In her essay on the “Multispecies Knots of Ethical Time,” extinction studies scholar Deborah Rose Bird reminds us that life and death are forever intertwined in evolutionary processes, and that time itself can take on embodied, abstracted forms rooted biology, culture, language, lifecycles, migratory patterns, and so on. These artistic interventions aren’t just telling stories of biodiversity over time, they are looking at the inverse: gaps, losses, complex interactions among species that lead to ends and transformations across generations, giving us the opportunity to witness how these legacies take on new meanings as they are inherited, revealing patterns of being and living in the world just as much as they do dying in it.
Conclusion
As these biodiversity archives grow, and become deliberate or unintended witnesses to destruction brought on or exacerbated by human actions, they find themselves caught between the drive to record what has already been lost in the past and present and efforts to record the species who will be threatened with future extinction. Yet the value of these animal archives goes beyond merely being a repository for collected specimens and data. These archives invite us into alternative imaginaries of interspecies futures, enabling us to bring the histories of long-gone specimens to the current moment and pass down those stories to the next generations. The project of these archives is forever incomplete; there will always be gaps, missing datasets, species that went extinct long before we decided to keep track of them. Those absences, too, play a critical role in this kind of archival understanding.
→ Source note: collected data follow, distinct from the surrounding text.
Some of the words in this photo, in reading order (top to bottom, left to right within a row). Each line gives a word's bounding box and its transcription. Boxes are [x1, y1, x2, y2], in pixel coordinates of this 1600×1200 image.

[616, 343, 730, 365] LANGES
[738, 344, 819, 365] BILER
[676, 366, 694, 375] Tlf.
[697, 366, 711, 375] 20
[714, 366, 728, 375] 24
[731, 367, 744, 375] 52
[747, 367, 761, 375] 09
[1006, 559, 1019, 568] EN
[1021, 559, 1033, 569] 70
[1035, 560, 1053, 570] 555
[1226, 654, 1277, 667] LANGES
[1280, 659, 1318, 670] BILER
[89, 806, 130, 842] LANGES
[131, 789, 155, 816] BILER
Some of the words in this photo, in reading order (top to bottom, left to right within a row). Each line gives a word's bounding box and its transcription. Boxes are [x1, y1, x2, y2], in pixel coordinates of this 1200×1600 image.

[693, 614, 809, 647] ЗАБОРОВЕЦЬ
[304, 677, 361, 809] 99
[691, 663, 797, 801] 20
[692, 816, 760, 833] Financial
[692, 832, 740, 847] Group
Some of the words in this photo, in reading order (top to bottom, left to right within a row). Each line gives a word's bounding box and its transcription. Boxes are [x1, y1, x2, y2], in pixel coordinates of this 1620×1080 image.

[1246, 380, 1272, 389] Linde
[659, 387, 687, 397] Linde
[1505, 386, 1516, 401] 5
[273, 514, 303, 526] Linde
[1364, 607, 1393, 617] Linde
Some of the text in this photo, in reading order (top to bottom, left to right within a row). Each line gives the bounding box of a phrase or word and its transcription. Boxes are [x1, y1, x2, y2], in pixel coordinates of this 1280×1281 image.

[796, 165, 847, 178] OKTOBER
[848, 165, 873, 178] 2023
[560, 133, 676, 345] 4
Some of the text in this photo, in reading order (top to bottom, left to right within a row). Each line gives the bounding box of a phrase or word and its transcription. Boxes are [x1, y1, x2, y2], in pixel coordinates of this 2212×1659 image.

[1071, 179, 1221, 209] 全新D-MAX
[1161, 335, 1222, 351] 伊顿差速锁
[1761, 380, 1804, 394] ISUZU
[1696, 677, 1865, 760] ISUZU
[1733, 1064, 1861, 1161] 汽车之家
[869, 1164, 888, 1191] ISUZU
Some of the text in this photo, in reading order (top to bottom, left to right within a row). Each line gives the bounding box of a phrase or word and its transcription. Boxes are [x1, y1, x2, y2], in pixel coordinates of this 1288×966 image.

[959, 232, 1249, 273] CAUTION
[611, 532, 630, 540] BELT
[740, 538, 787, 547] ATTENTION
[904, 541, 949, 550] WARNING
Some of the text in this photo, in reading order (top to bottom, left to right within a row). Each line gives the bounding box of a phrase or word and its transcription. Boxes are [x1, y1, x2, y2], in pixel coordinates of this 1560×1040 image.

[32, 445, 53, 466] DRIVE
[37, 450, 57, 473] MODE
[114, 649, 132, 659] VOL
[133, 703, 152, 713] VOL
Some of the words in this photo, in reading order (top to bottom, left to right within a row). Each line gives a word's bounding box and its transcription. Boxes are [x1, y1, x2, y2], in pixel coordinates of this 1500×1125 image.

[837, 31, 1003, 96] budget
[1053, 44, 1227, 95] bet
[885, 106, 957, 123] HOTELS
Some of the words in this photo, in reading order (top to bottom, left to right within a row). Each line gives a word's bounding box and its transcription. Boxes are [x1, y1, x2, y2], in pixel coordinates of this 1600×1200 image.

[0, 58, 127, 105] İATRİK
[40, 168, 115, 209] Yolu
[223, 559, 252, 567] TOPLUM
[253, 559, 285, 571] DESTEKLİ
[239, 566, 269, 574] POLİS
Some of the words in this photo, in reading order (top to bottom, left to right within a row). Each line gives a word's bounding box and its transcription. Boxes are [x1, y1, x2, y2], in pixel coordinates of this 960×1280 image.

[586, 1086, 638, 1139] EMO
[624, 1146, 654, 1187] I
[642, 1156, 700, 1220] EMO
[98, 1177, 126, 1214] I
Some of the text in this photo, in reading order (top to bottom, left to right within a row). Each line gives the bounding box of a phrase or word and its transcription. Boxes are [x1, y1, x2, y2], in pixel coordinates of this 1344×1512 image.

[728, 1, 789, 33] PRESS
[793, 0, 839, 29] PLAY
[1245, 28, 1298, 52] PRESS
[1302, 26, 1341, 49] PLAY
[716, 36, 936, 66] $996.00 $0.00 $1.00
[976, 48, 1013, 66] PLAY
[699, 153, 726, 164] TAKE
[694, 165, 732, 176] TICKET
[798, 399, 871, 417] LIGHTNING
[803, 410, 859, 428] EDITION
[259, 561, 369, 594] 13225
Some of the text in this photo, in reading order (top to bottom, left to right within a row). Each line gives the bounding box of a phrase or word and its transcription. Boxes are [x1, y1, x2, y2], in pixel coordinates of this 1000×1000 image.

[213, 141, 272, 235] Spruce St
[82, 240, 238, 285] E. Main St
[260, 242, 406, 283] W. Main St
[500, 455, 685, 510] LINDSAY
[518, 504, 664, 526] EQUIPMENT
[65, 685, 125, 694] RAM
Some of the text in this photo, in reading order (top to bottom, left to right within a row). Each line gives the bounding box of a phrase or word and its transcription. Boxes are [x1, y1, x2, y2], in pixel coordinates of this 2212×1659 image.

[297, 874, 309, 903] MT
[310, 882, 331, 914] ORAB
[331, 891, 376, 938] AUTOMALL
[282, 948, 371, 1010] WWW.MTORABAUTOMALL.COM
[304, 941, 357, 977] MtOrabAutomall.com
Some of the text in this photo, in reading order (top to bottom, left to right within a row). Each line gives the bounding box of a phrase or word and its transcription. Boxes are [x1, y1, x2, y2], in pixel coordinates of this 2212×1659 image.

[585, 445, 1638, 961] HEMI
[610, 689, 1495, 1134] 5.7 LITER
More artistic interventions (like visualizations of these extinct species, artist-led projects, platforms for public responses and submissions, or even more creative writing in descriptive data entry) offer opportunities for deeper connections to these lost species. When it comes to articulation of extinction and grappling with this magnitude of loss, grief has been, understandably, the dominant emotion that guides our interactions with these collections. The animal archives I’ve shared were not made simply to be mourned by the public or the researchers who use them. As these eco-historical records adapt to this apocalyptic world, these animal archives can give us new modes of navigating our entangled human and non-human futures.